| Your instructions |
Write the data out again exactly, with every picture removed.

| Data |
************

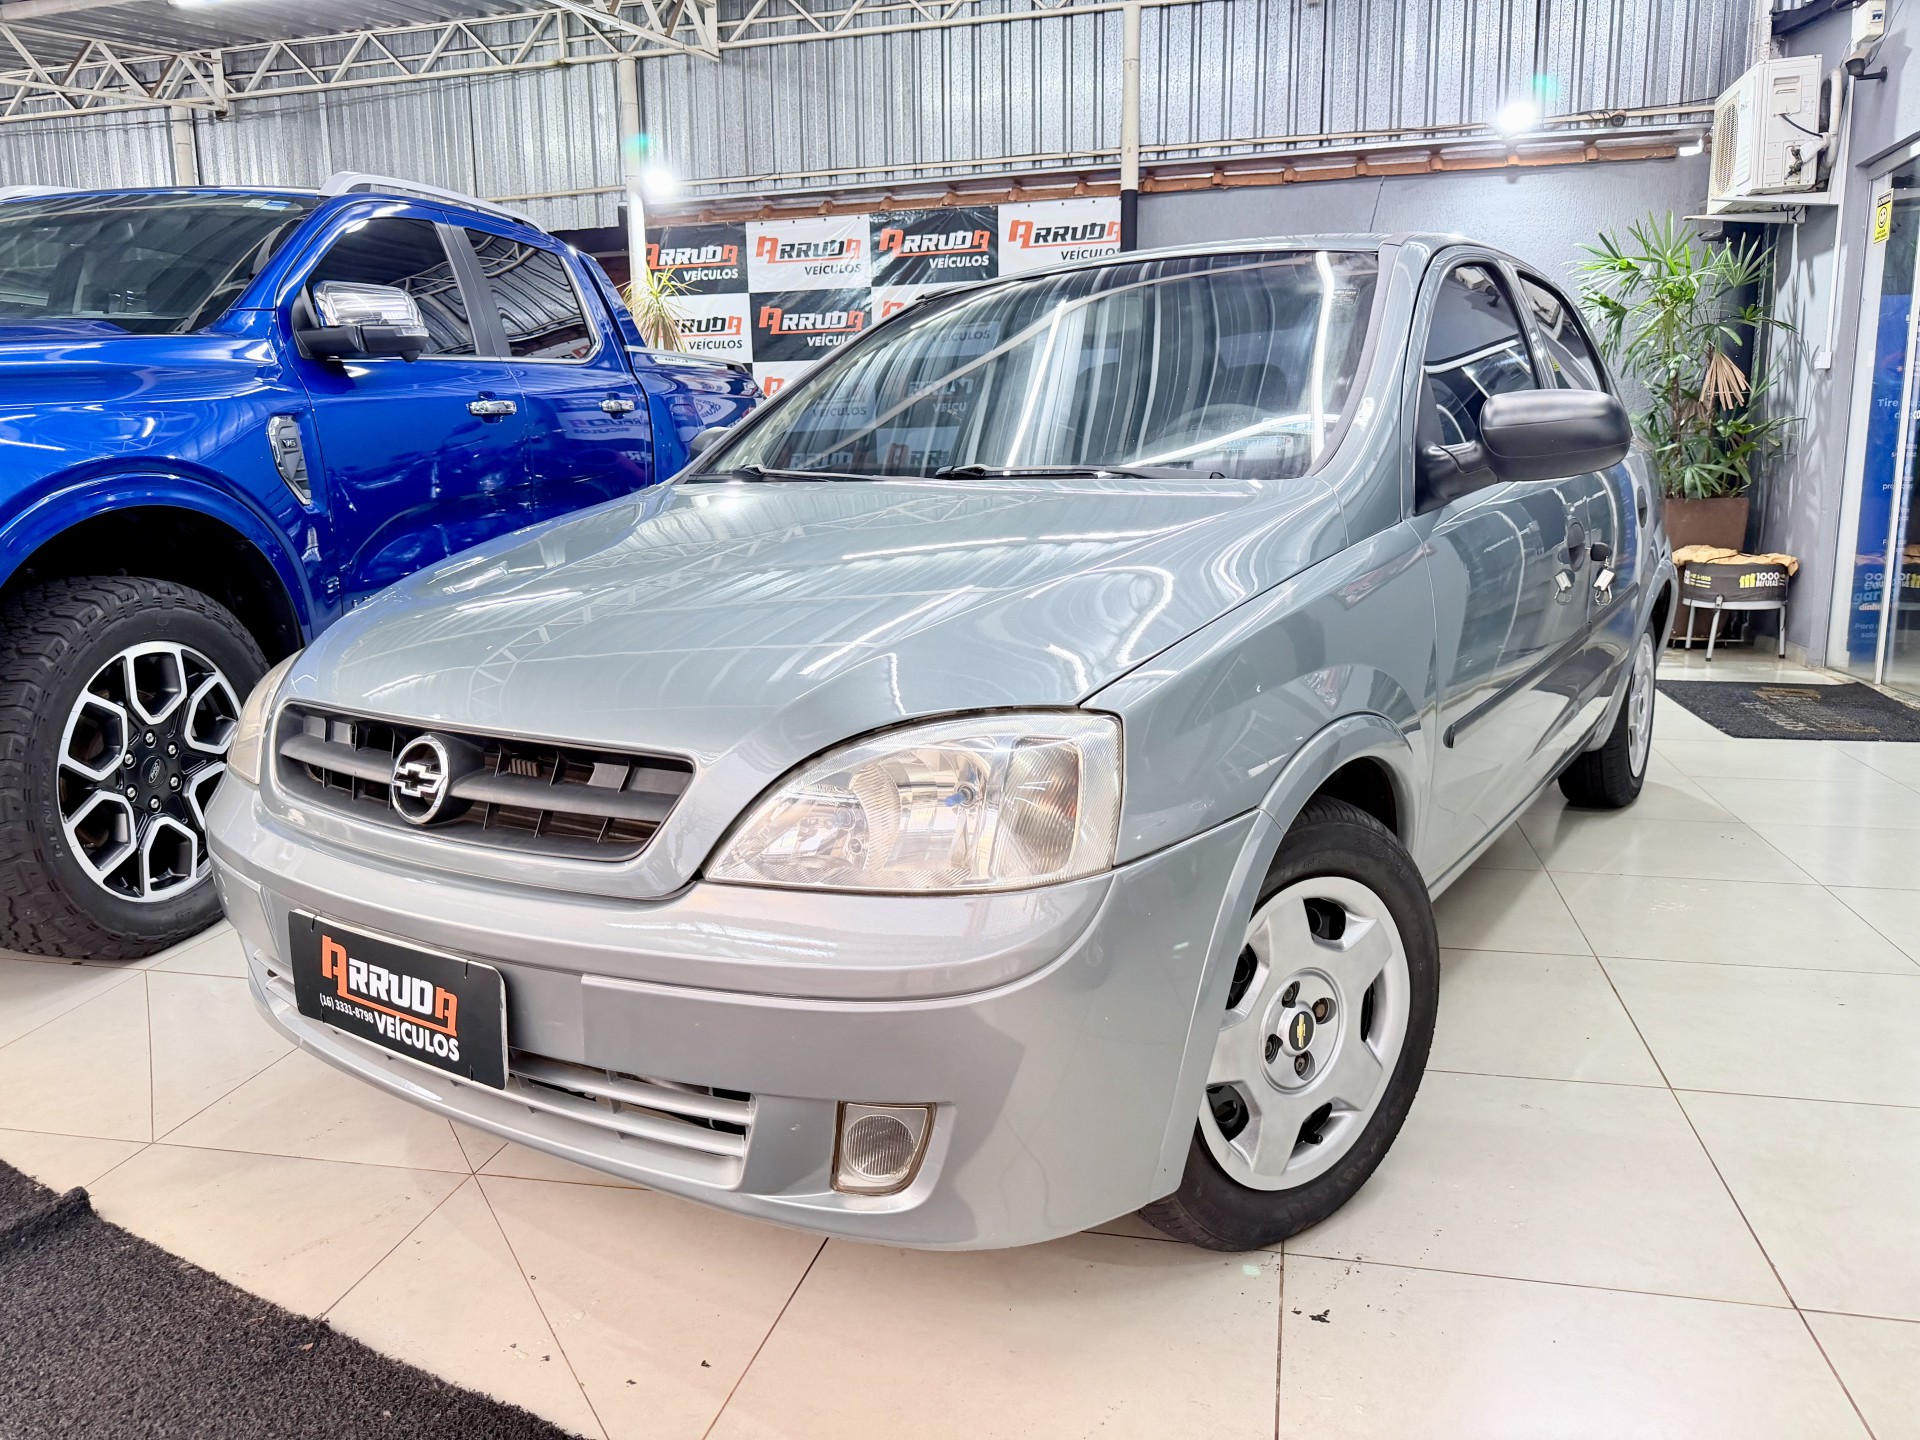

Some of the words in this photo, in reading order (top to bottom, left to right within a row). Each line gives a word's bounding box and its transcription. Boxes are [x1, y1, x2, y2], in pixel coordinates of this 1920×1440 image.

[879, 228, 991, 257] ARRUDA
[1008, 220, 1121, 249] ARRUDA
[646, 243, 739, 270] ARRUDA
[755, 236, 861, 264] ARRUDA
[929, 255, 990, 269] VEÍCULOS
[683, 268, 739, 281] VEÍCULOS
[804, 263, 862, 276] VEÍCULOS
[758, 306, 865, 335] ARRUDA
[689, 338, 743, 350] VEÍCULOS
[322, 935, 458, 1037] ARRUDA
[319, 993, 334, 1011] (16)
[334, 999, 374, 1024] 3331-8798
[374, 1011, 460, 1062] VEÍCULOS

************

| Answer for the task |
Some of the words in this photo, in reading order (top to bottom, left to right within a row). Each line gives a word's bounding box and its transcription. Boxes are [x1, y1, x2, y2], in pixel coordinates of this 1920×1440 image.

[879, 228, 991, 257] ARRUDA
[1008, 220, 1121, 249] ARRUDA
[646, 243, 739, 270] ARRUDA
[755, 236, 861, 264] ARRUDA
[929, 255, 990, 269] VEÍCULOS
[683, 268, 739, 281] VEÍCULOS
[804, 263, 862, 276] VEÍCULOS
[758, 306, 865, 335] ARRUDA
[689, 338, 743, 350] VEÍCULOS
[322, 935, 458, 1037] ARRUDA
[319, 993, 334, 1011] (16)
[334, 999, 374, 1024] 3331-8798
[374, 1011, 460, 1062] VEÍCULOS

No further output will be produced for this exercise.